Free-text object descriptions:
+ + + +

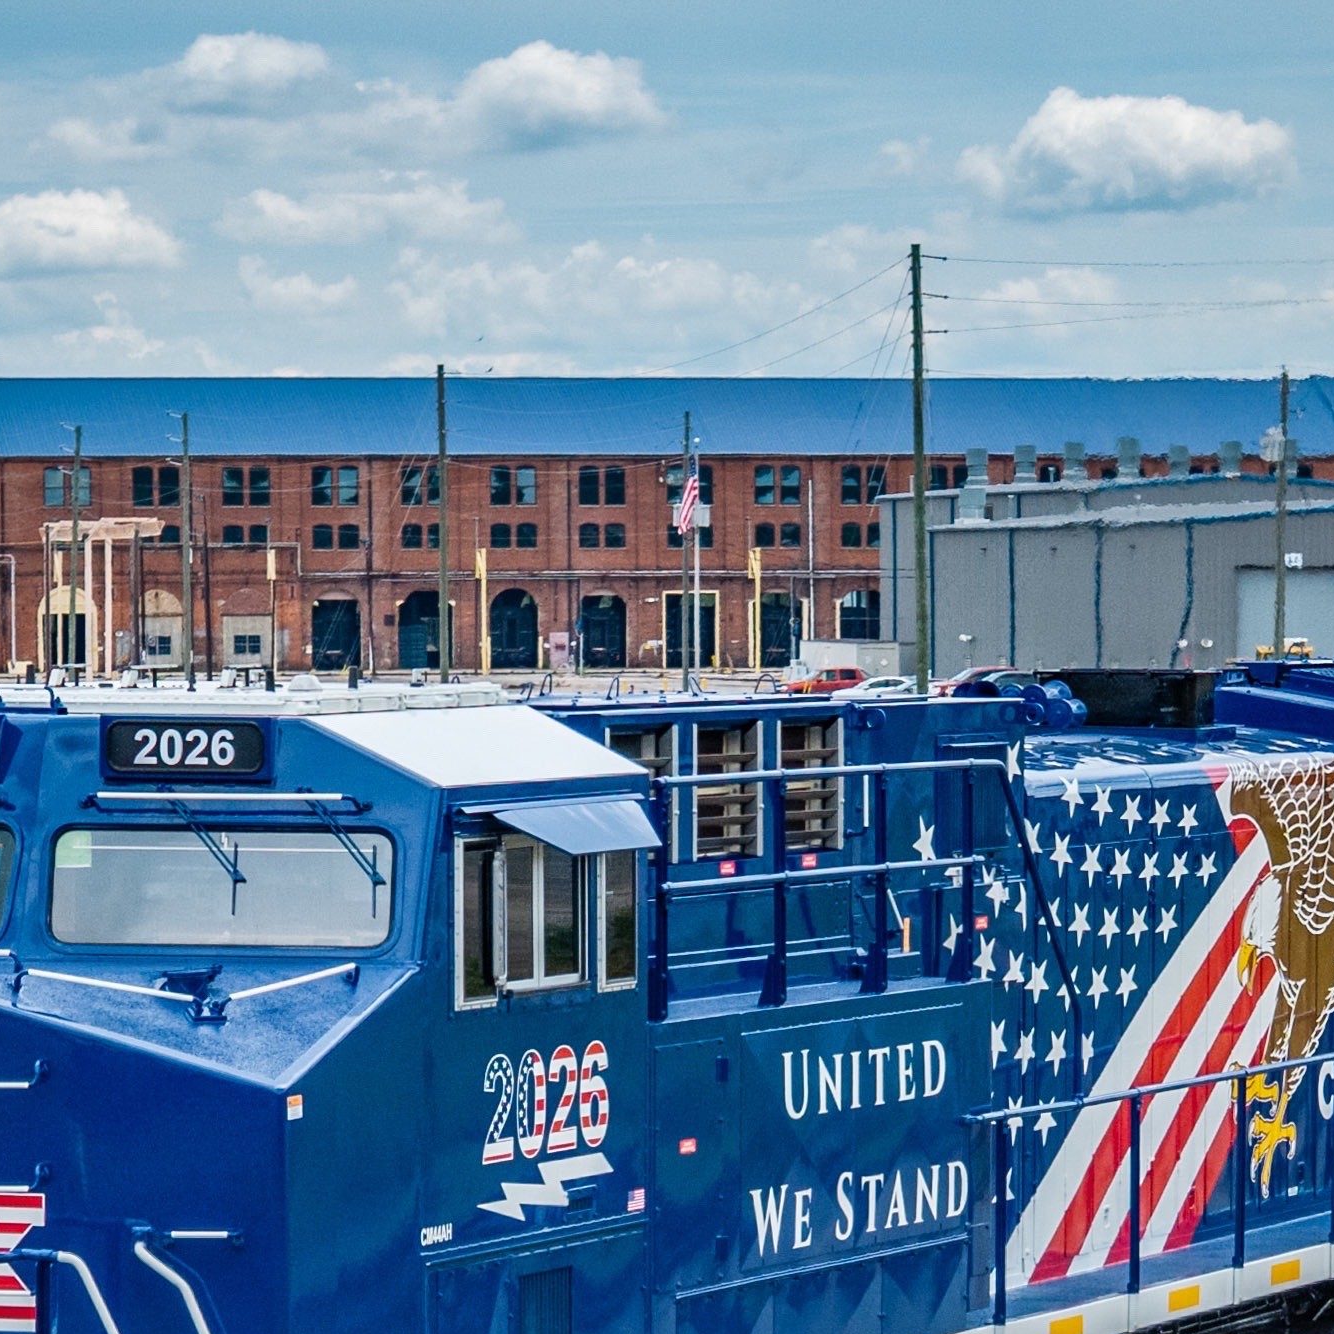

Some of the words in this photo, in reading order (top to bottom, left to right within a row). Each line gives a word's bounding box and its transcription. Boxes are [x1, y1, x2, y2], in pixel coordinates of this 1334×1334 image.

[133, 728, 235, 767] 2026
[482, 1040, 609, 1165] 2026
[781, 1039, 947, 1120] UNITED
[749, 1184, 813, 1258] WE
[834, 1160, 969, 1241] STAND

+ + + +

_What is expected_
Except for the pictures, give the data again word for word.

_Task result_
Some of the words in this photo, in reading order (top to bottom, left to right within a row). Each line gives a word's bounding box and its transcription. Boxes are [x1, y1, x2, y2], in pixel coordinates of this 1334×1334 image.

[133, 728, 235, 767] 2026
[482, 1040, 609, 1165] 2026
[781, 1039, 947, 1120] UNITED
[749, 1184, 813, 1258] WE
[834, 1160, 969, 1241] STAND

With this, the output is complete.